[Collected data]
================

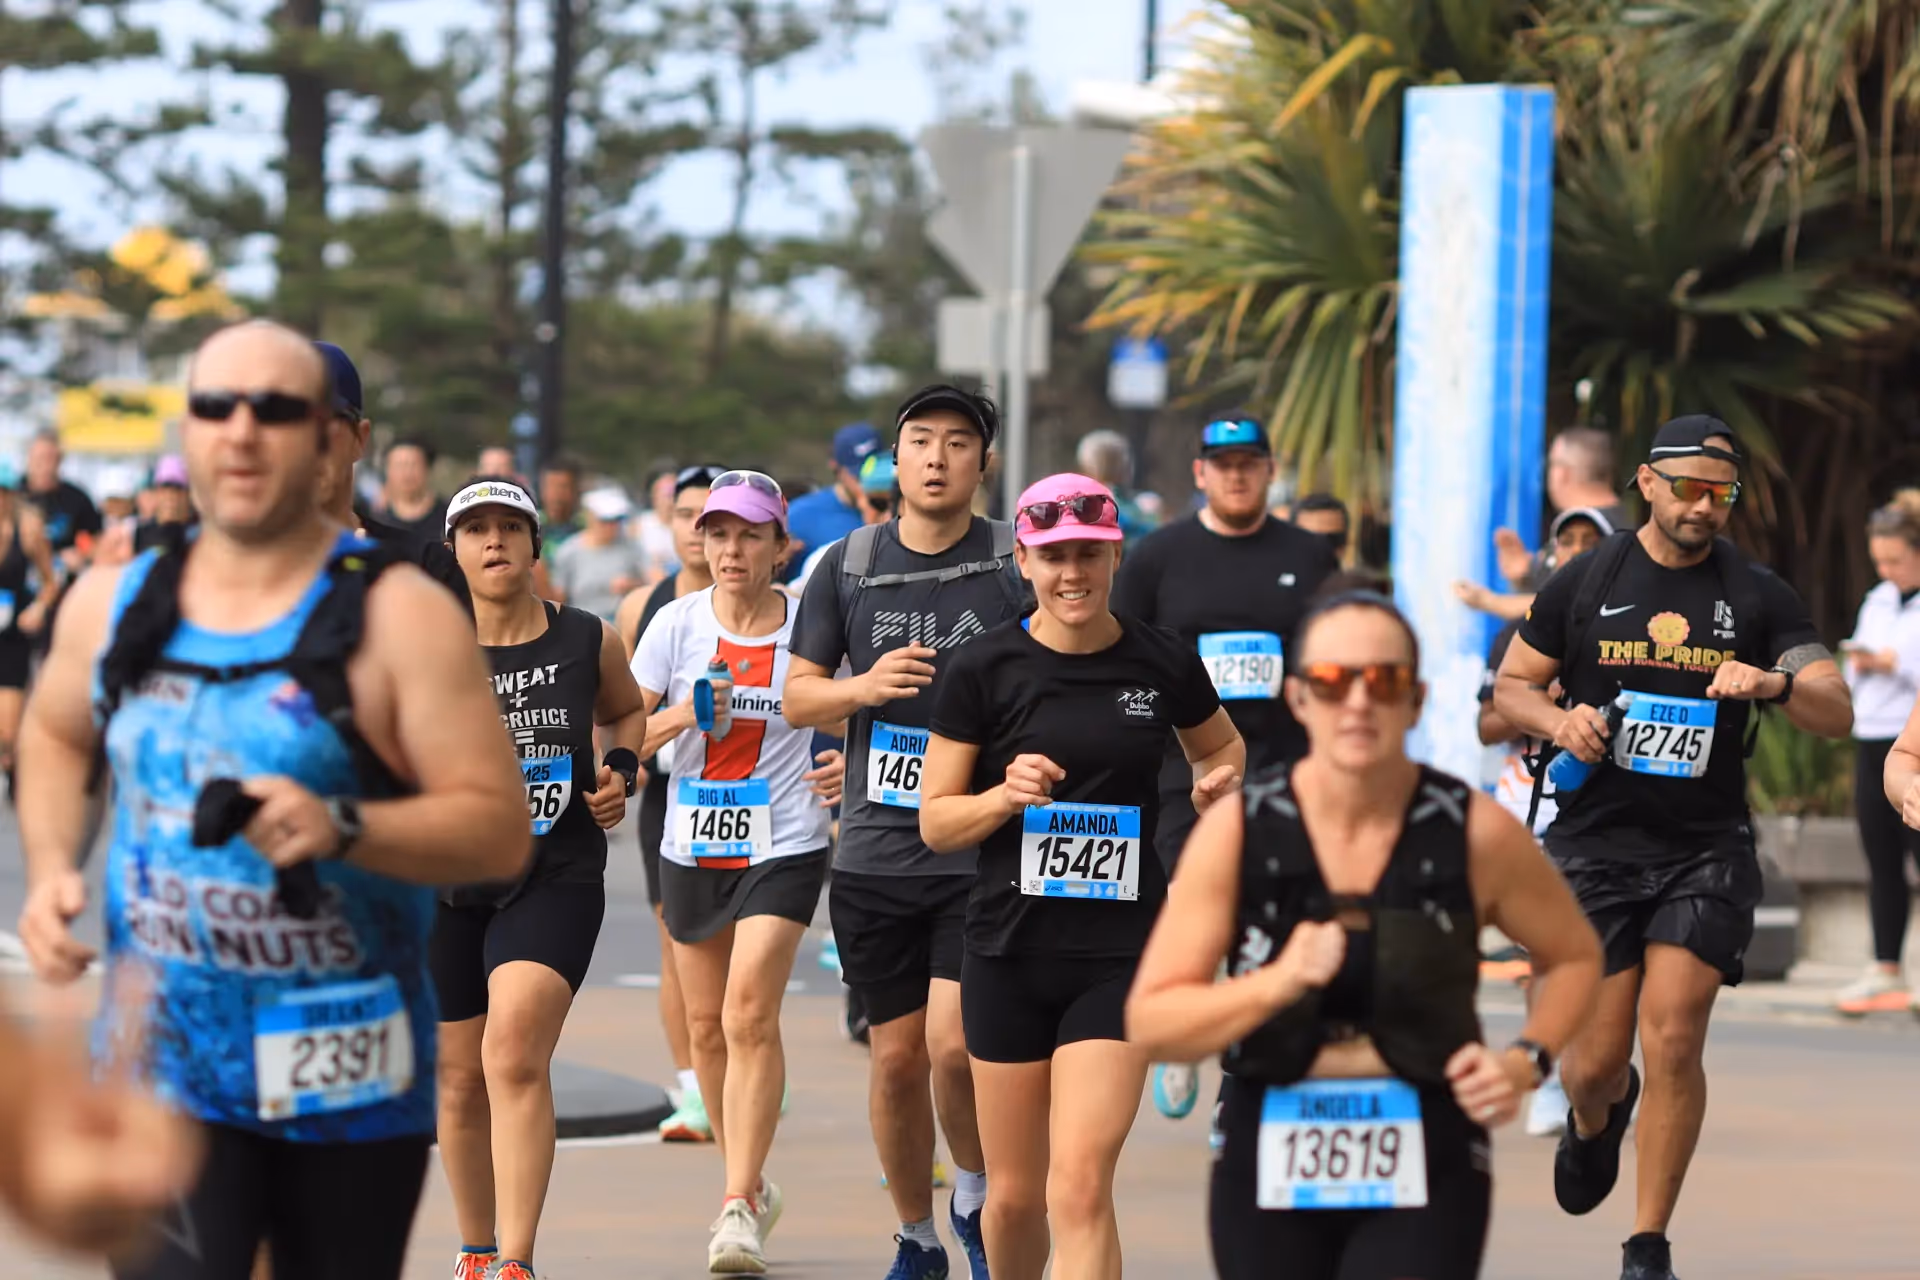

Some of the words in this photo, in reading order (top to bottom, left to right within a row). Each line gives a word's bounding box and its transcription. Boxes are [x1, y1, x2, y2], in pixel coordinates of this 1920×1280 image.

[460, 485, 522, 504] spotters
[872, 609, 986, 649] FILA
[1213, 656, 1274, 684] 12190
[1598, 640, 1649, 660] THE
[1655, 643, 1736, 668] PRIDE
[486, 663, 559, 695] WEAT
[1650, 703, 1677, 723] EZE
[1626, 722, 1706, 761] 12745
[877, 753, 922, 791] 146
[525, 783, 563, 819] 56
[697, 788, 719, 805] BIG
[722, 789, 740, 806] AL
[689, 808, 752, 841] 1466
[1048, 811, 1119, 836] AMANDA
[1036, 836, 1129, 881] 15421
[211, 920, 358, 970] NUTS
[288, 1022, 391, 1089] 2391
[1284, 1126, 1402, 1180] 13619
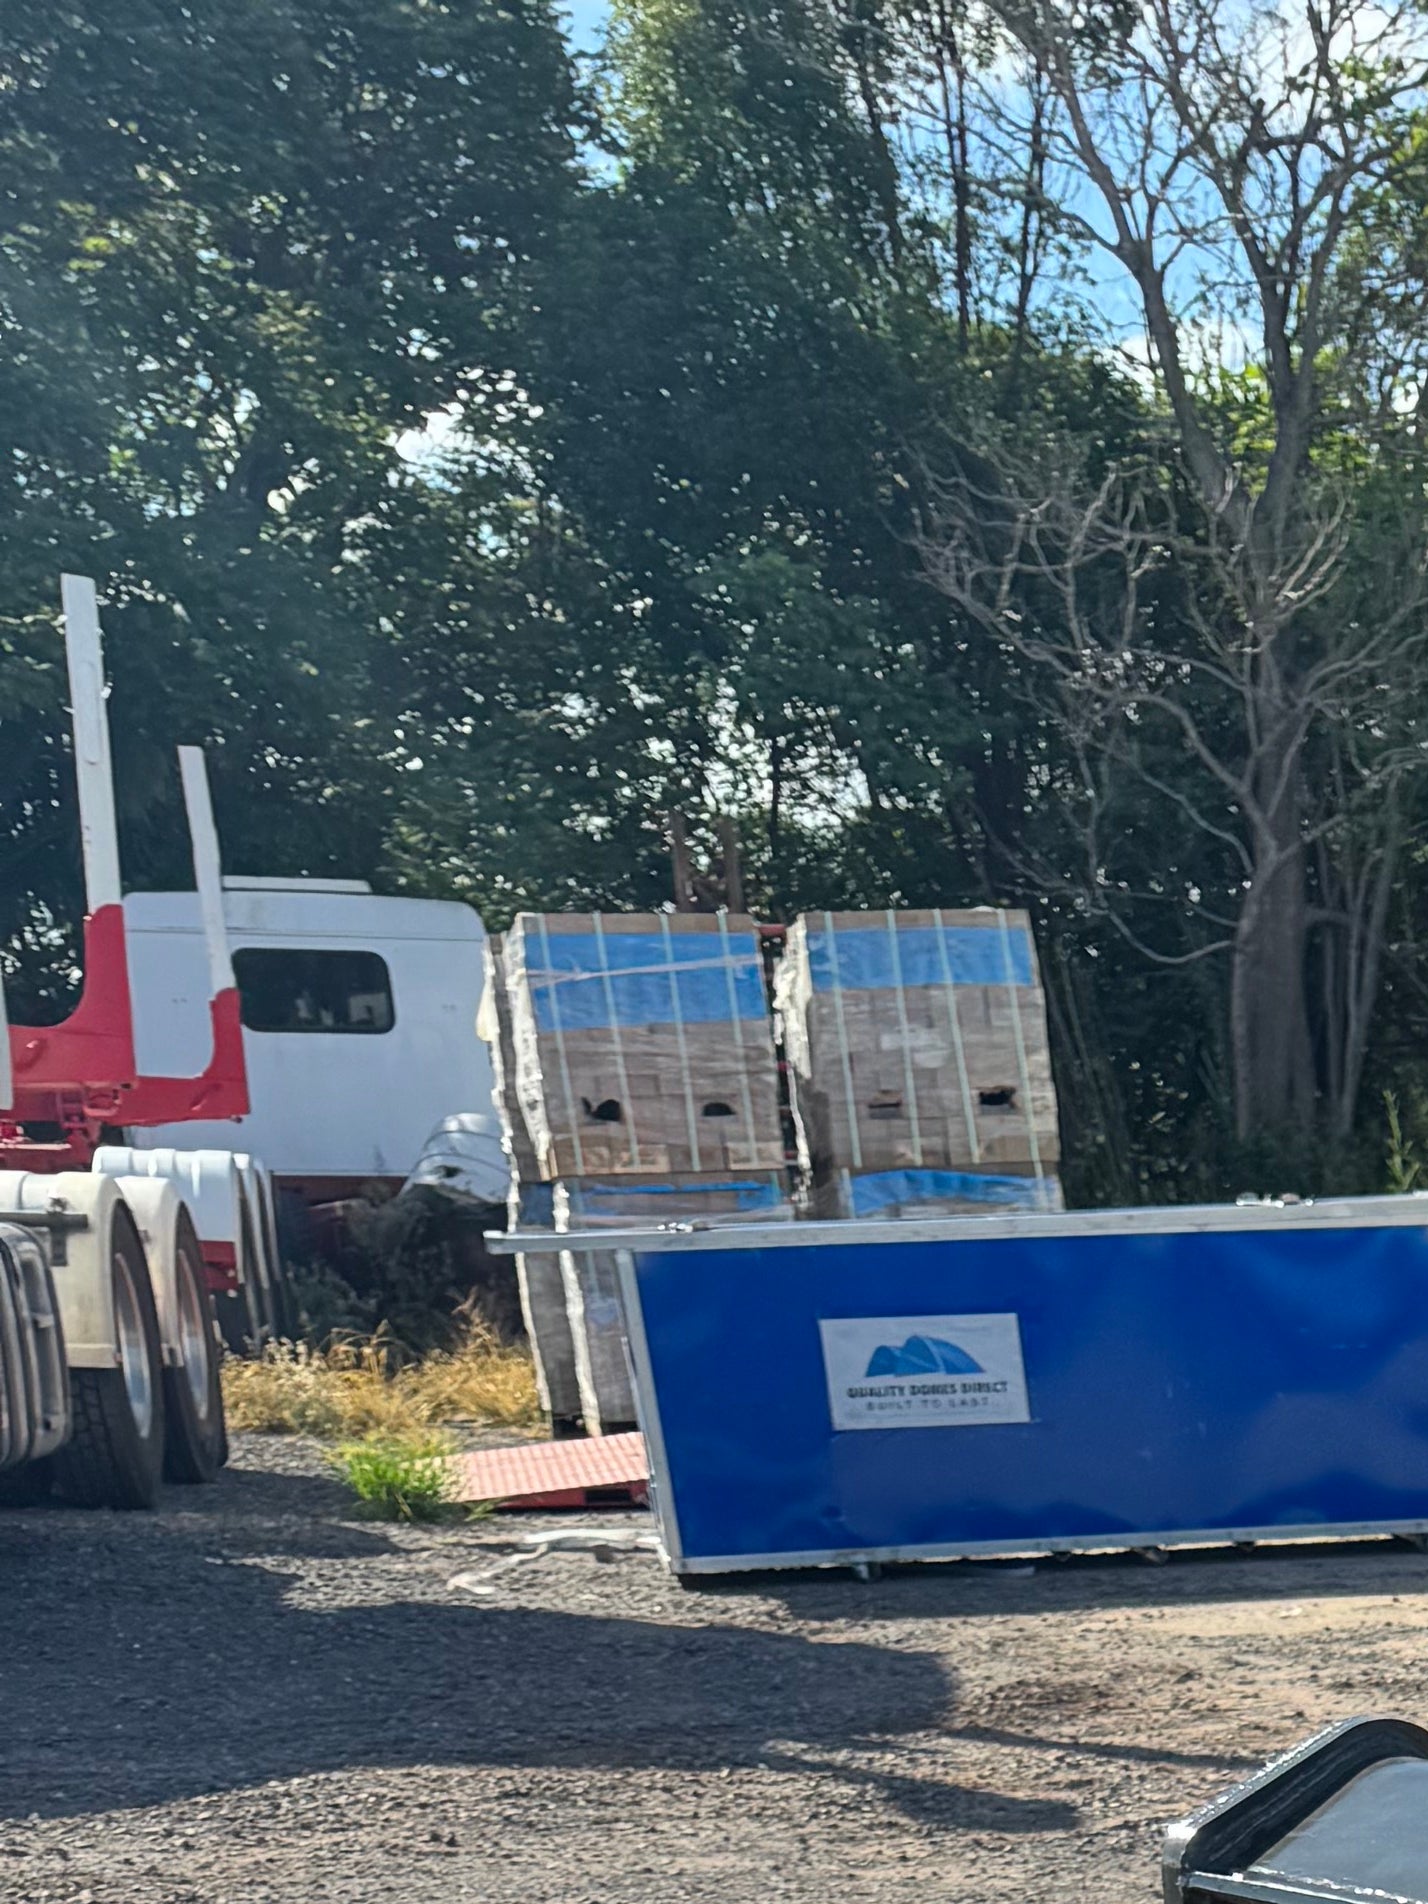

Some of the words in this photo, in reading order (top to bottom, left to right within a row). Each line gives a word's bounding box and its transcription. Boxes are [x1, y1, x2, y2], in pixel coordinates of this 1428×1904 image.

================

Exercise directions: Every line above goes into the copy unchanged; the pictures do not.

Exercise answer:
Some of the words in this photo, in reading order (top to bottom, left to right within a row). Each line gives a word's bounding box and its transcription. Boxes are [x1, y1, x2, y2], in pixel coordinates of this 1920×1280 image.

[460, 485, 522, 504] spotters
[872, 609, 986, 649] FILA
[1213, 656, 1274, 684] 12190
[1598, 640, 1649, 660] THE
[1655, 643, 1736, 668] PRIDE
[486, 663, 559, 695] WEAT
[1650, 703, 1677, 723] EZE
[1626, 722, 1706, 761] 12745
[877, 753, 922, 791] 146
[525, 783, 563, 819] 56
[697, 788, 719, 805] BIG
[722, 789, 740, 806] AL
[689, 808, 752, 841] 1466
[1048, 811, 1119, 836] AMANDA
[1036, 836, 1129, 881] 15421
[211, 920, 358, 970] NUTS
[288, 1022, 391, 1089] 2391
[1284, 1126, 1402, 1180] 13619

Some of the words in this photo, in reading order (top to bottom, left to right within a row). Each line gives a word's bounding box and its transcription. Boxes are [x1, y1, x2, y2], in pixel coordinates of this 1428×1904 image.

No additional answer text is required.